:: The problem ::
An exact copy of the data below is needed; please leave out any pictures.

:: The data ::
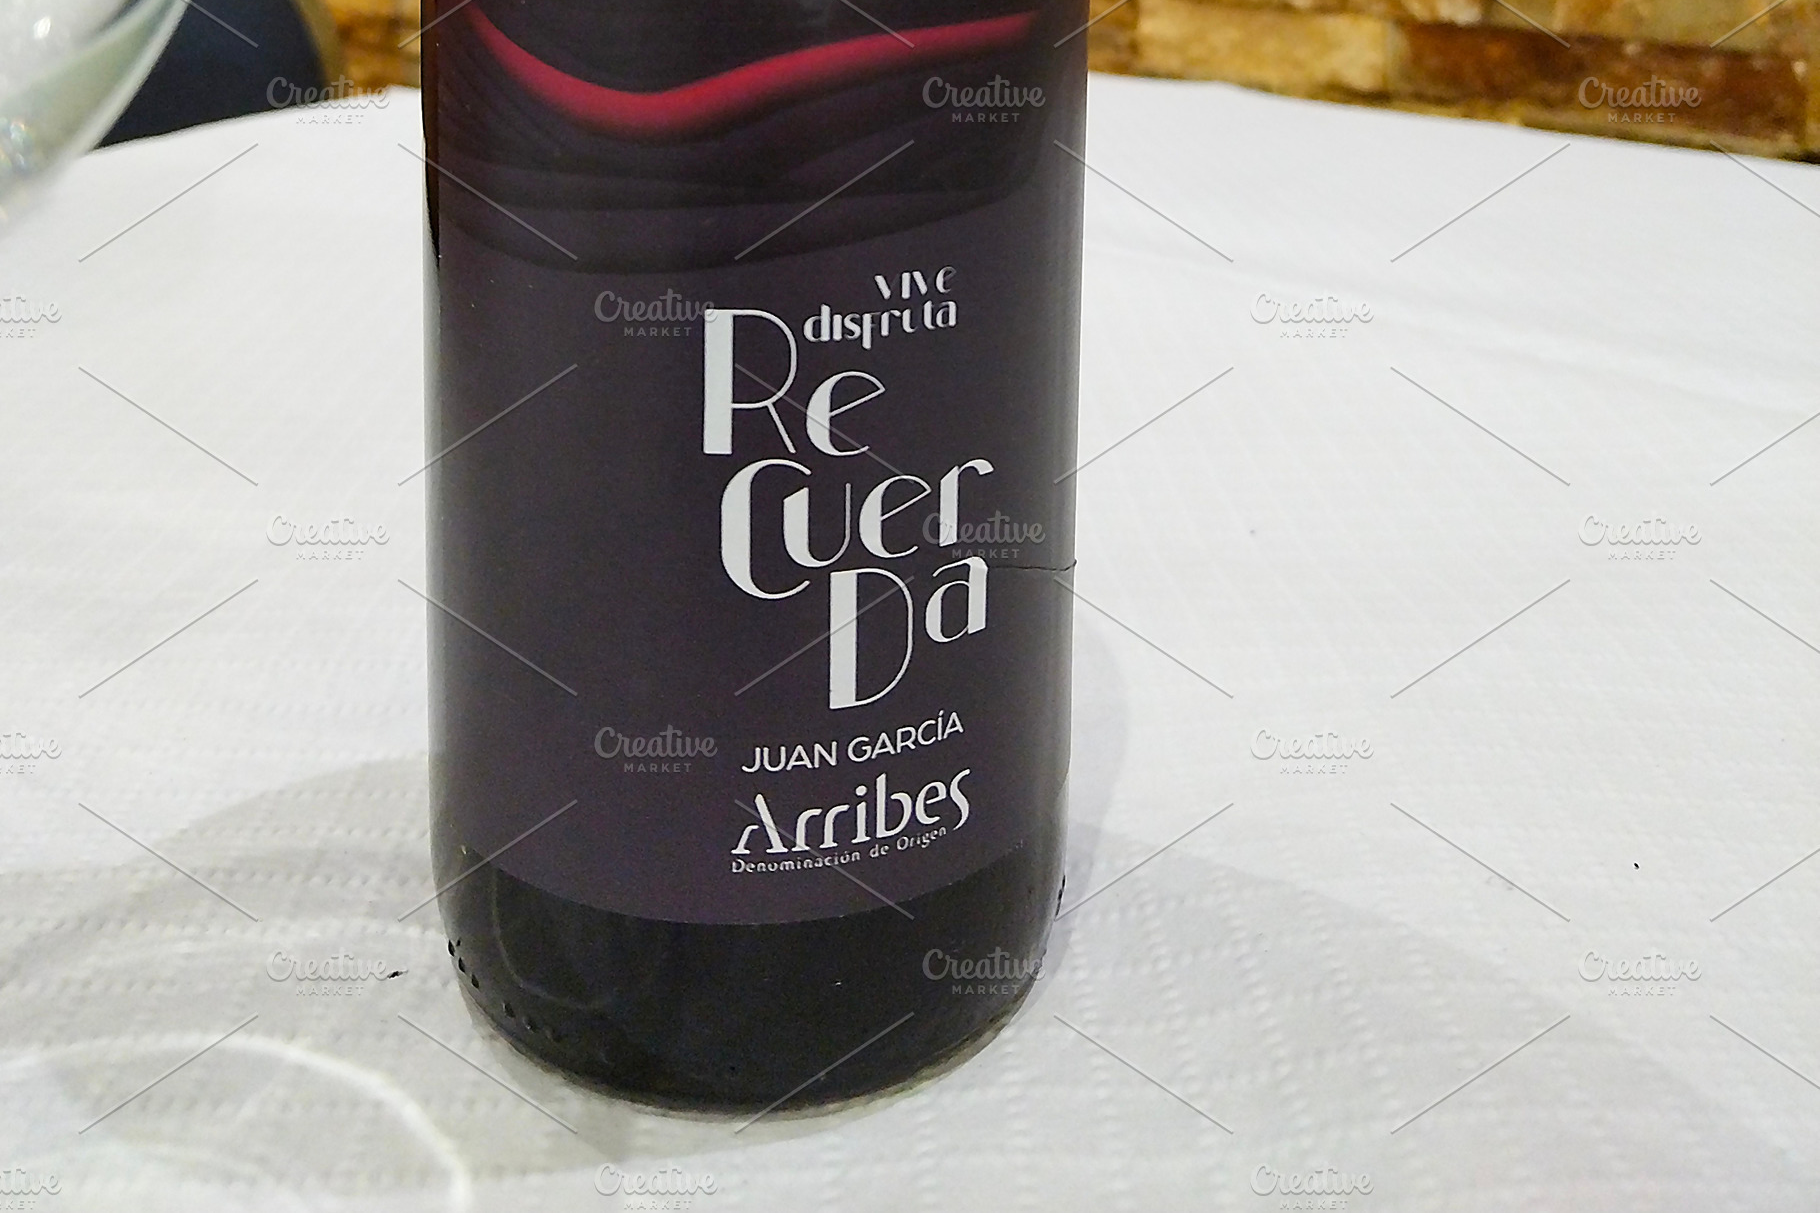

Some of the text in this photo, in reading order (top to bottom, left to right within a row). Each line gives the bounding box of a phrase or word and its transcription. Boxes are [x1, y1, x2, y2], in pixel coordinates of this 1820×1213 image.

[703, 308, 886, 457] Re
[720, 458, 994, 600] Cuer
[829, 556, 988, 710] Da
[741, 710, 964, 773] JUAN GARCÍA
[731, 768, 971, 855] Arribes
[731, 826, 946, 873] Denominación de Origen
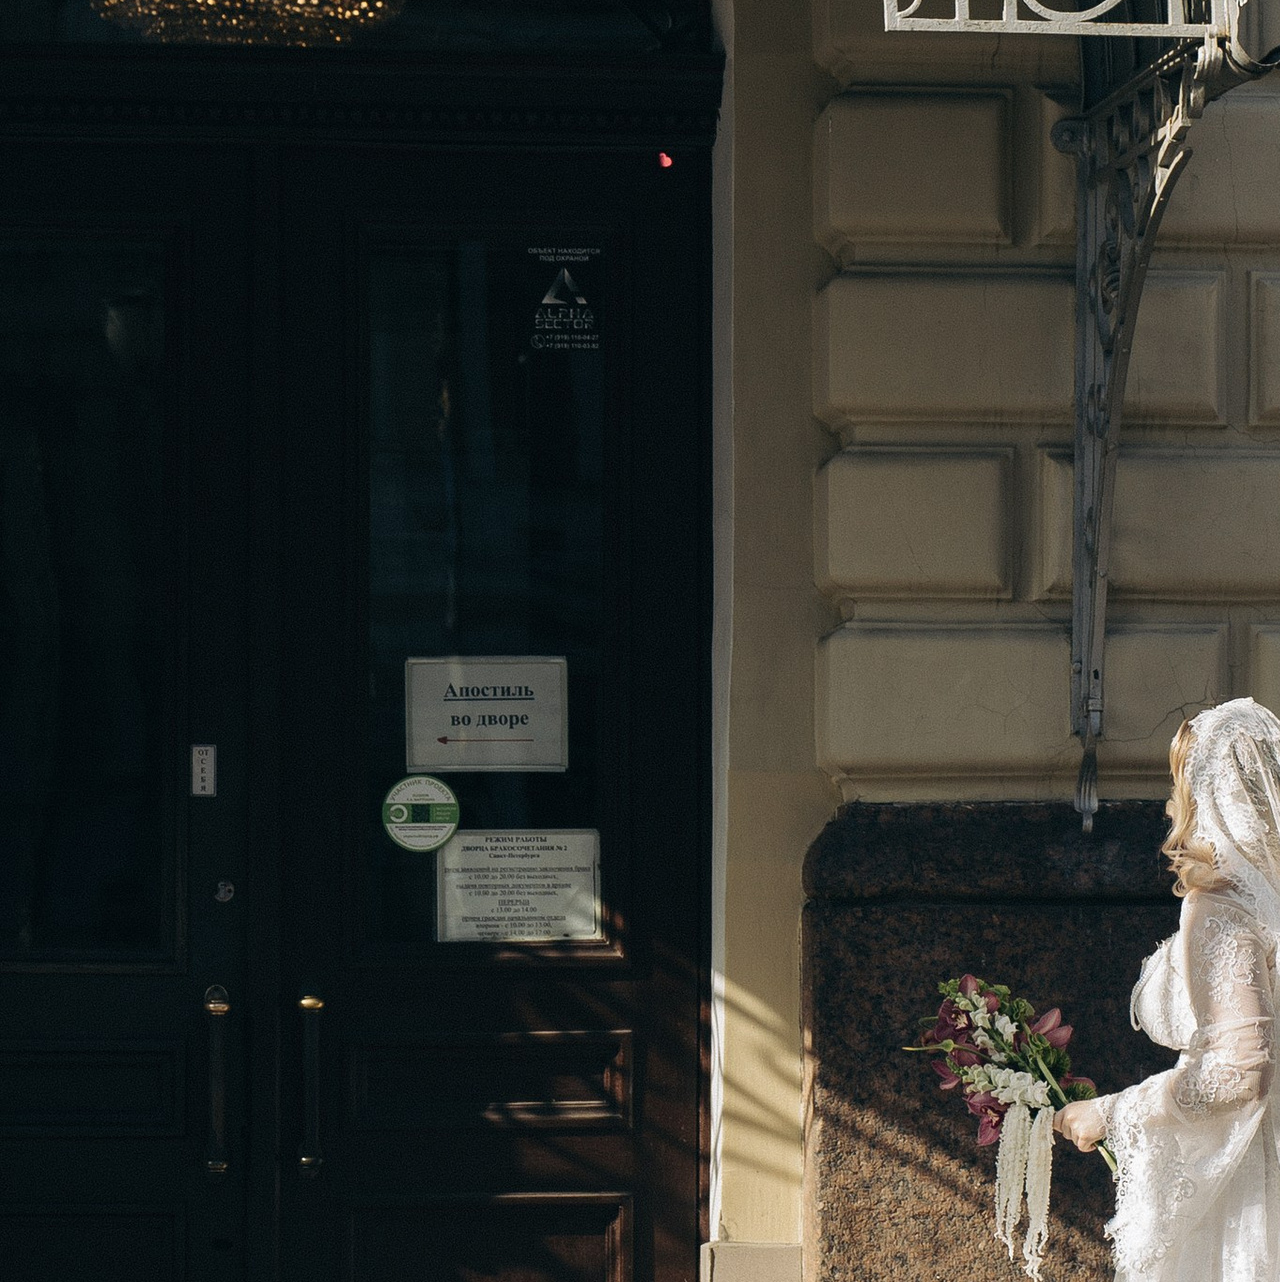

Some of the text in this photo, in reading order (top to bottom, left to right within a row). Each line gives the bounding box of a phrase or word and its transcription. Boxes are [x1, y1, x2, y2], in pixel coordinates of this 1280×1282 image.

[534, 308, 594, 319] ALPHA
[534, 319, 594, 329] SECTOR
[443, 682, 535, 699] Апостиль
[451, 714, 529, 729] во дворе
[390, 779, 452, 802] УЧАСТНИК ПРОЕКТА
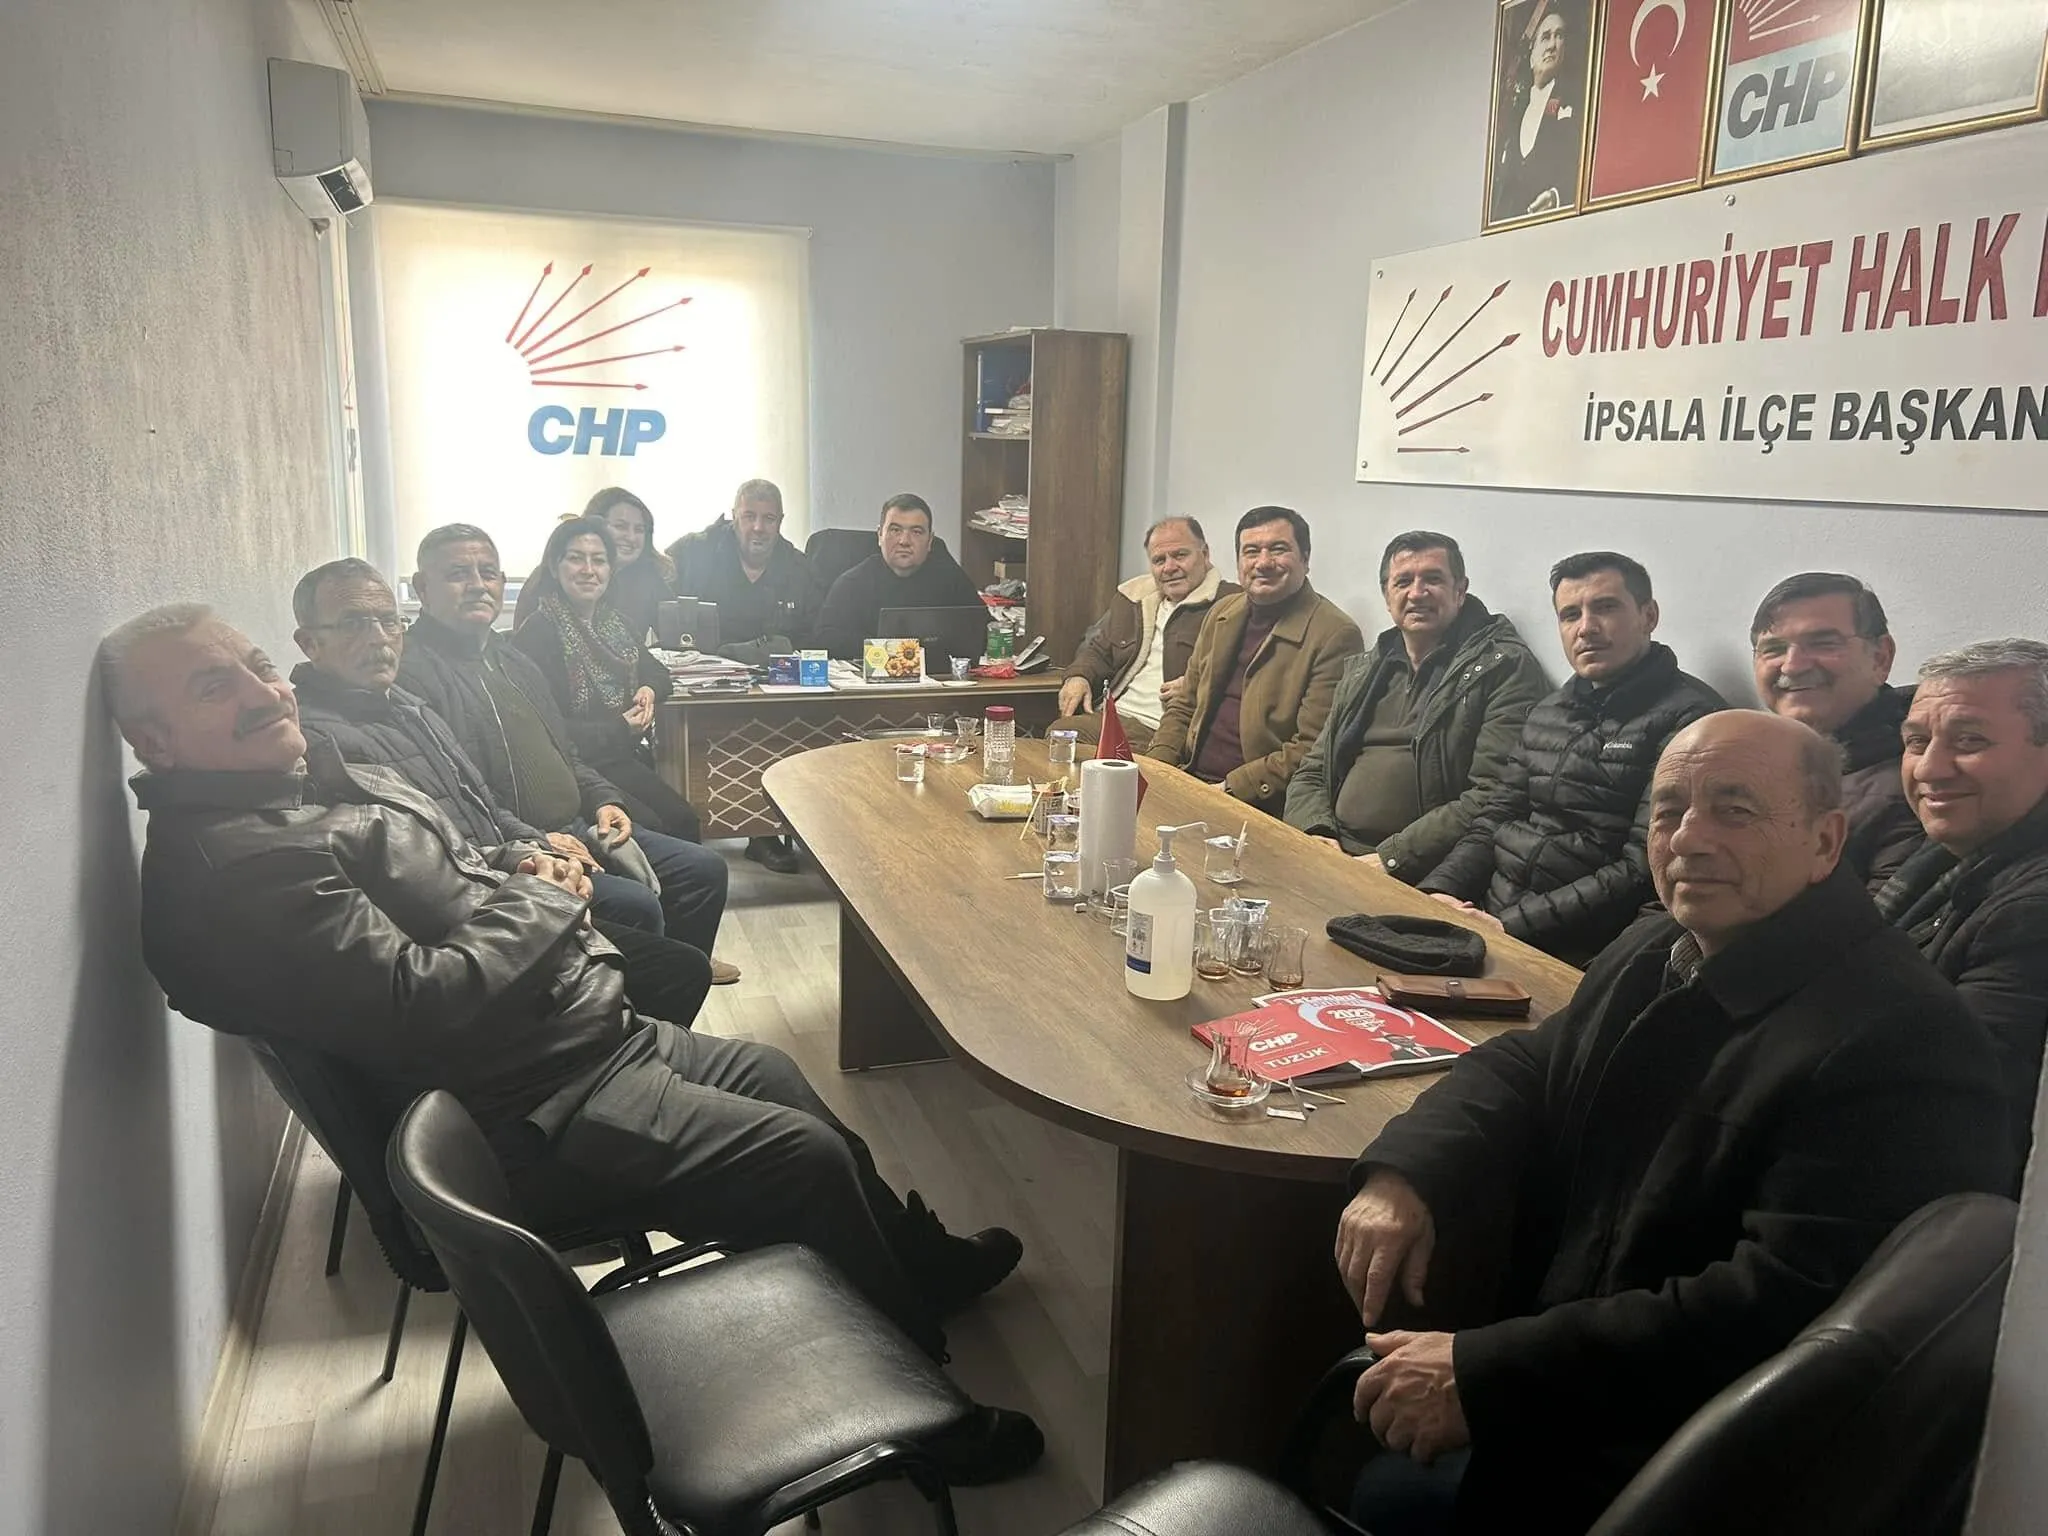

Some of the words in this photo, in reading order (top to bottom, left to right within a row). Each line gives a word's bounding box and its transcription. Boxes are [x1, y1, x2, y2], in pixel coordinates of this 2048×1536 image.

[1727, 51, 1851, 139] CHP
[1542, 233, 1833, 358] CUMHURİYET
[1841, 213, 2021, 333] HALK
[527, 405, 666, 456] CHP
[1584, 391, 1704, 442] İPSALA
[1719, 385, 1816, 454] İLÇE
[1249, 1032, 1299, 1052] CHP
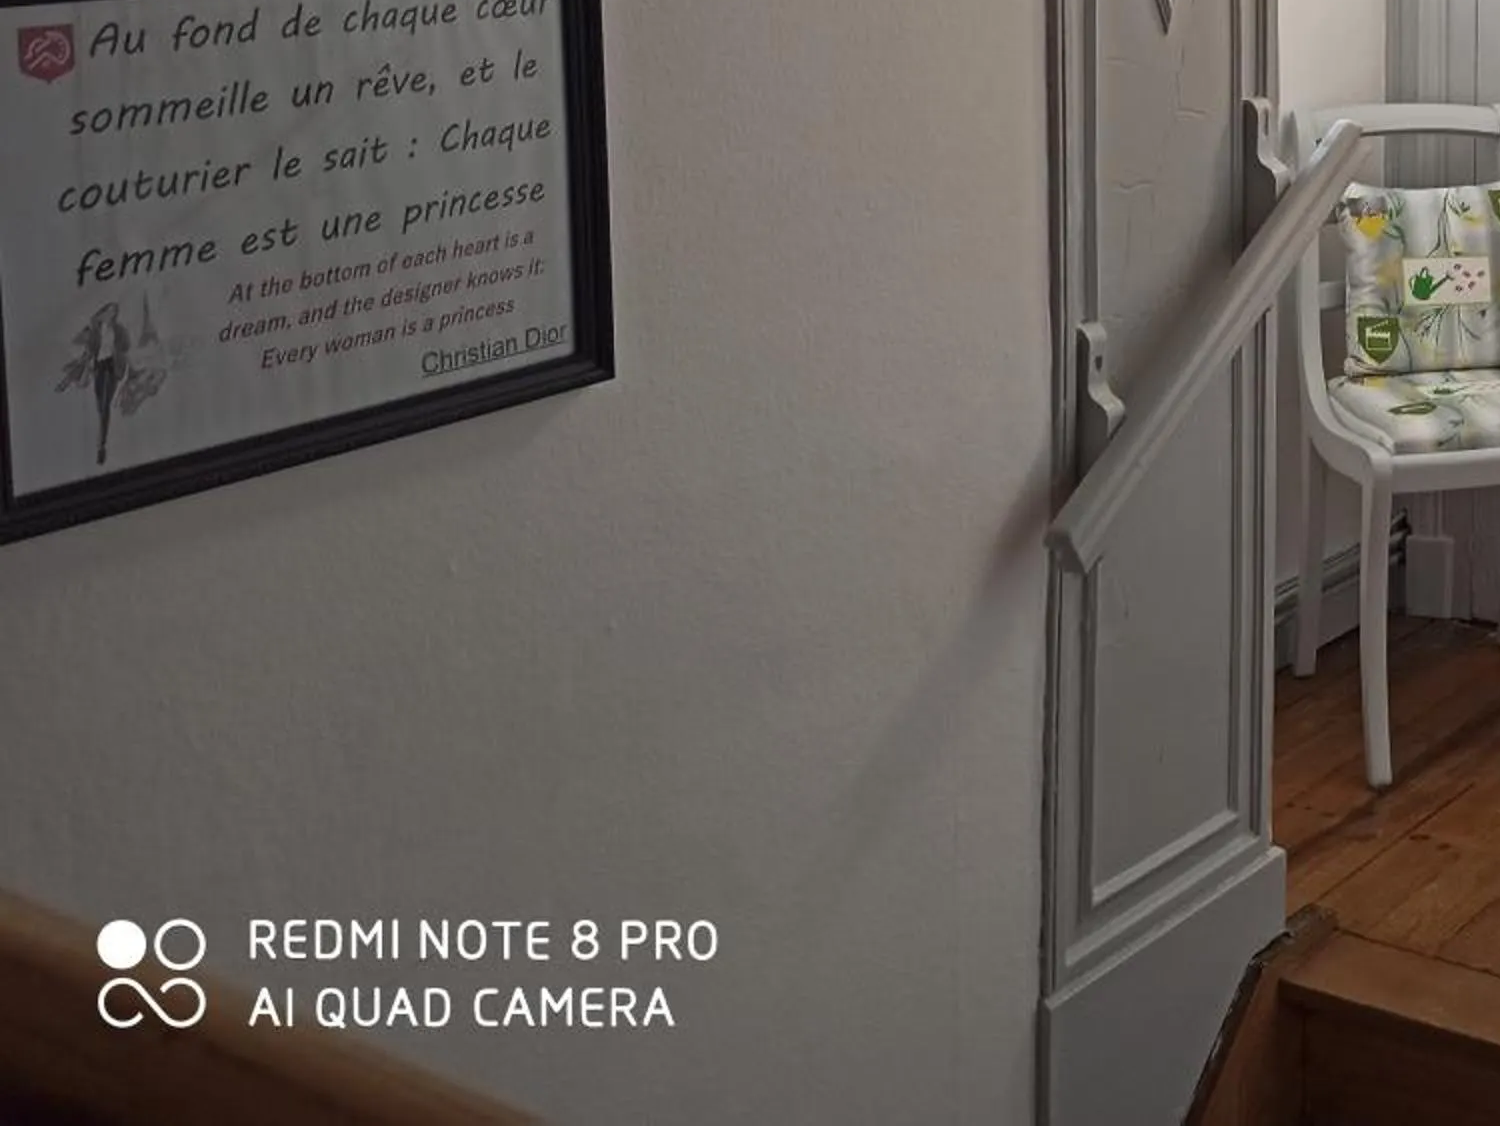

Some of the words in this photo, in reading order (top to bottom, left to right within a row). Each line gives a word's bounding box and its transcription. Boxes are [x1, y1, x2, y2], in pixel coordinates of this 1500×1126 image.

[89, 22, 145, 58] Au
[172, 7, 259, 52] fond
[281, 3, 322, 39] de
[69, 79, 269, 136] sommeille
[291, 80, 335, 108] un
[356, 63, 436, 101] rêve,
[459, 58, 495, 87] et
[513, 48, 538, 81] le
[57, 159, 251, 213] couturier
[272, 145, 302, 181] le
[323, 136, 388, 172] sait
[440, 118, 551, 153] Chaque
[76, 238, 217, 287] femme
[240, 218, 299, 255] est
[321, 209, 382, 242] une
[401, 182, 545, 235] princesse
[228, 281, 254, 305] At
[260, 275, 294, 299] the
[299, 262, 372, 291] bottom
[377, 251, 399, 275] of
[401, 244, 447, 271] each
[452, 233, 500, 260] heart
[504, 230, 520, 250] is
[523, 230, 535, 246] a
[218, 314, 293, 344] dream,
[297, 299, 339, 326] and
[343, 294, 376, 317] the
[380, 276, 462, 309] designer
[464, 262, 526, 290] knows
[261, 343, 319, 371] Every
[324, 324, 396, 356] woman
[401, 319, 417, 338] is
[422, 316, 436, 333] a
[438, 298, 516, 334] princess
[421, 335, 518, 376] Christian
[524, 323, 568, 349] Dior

:: Task answer ::
Some of the text in this photo, in reading order (top to bottom, left to right within a row). Each line gives the bounding box of a phrase or word and its transcription. Boxes are [x1, y1, x2, y2], in pixel coordinates of this 1820×1213 image.

[703, 308, 886, 457] Re
[720, 458, 994, 600] Cuer
[829, 556, 988, 710] Da
[741, 710, 964, 773] JUAN GARCÍA
[731, 768, 971, 855] Arribes
[731, 826, 946, 873] Denominación de Origen

Some of the text in this photo, in reading order (top to bottom, left to right within a row). Each line gives the bounding box of a phrase or word and its transcription. Boxes are [x1, y1, x2, y2], in pixel coordinates of this 1280×1282 image.

[534, 308, 594, 319] ALPHA
[534, 319, 594, 329] SECTOR
[443, 682, 535, 699] Апостиль
[451, 714, 529, 729] во дворе
[390, 779, 452, 802] УЧАСТНИК ПРОЕКТА

Some of the words in this photo, in reading order (top to bottom, left to right within a row). Each line gives a word's bounding box and its transcription. Boxes are [x1, y1, x2, y2], in pixel coordinates of this 2048×1536 image.

[1727, 51, 1851, 139] CHP
[1542, 233, 1833, 358] CUMHURİYET
[1841, 213, 2021, 333] HALK
[527, 405, 666, 456] CHP
[1584, 391, 1704, 442] İPSALA
[1719, 385, 1816, 454] İLÇE
[1249, 1032, 1299, 1052] CHP

Some of the words in this photo, in reading order (top to bottom, left to right within a row). Each line gives a word's bounding box and its transcription. Boxes are [x1, y1, x2, y2], in pixel coordinates of this 1500×1126 image.

[89, 22, 145, 58] Au
[172, 7, 259, 52] fond
[281, 3, 322, 39] de
[69, 79, 269, 136] sommeille
[291, 80, 335, 108] un
[356, 63, 436, 101] rêve,
[459, 58, 495, 87] et
[513, 48, 538, 81] le
[57, 159, 251, 213] couturier
[272, 145, 302, 181] le
[323, 136, 388, 172] sait
[440, 118, 551, 153] Chaque
[76, 238, 217, 287] femme
[240, 218, 299, 255] est
[321, 209, 382, 242] une
[401, 182, 545, 235] princesse
[228, 281, 254, 305] At
[260, 275, 294, 299] the
[299, 262, 372, 291] bottom
[377, 251, 399, 275] of
[401, 244, 447, 271] each
[452, 233, 500, 260] heart
[504, 230, 520, 250] is
[523, 230, 535, 246] a
[218, 314, 293, 344] dream,
[297, 299, 339, 326] and
[343, 294, 376, 317] the
[380, 276, 462, 309] designer
[464, 262, 526, 290] knows
[261, 343, 319, 371] Every
[324, 324, 396, 356] woman
[401, 319, 417, 338] is
[422, 316, 436, 333] a
[438, 298, 516, 334] princess
[421, 335, 518, 376] Christian
[524, 323, 568, 349] Dior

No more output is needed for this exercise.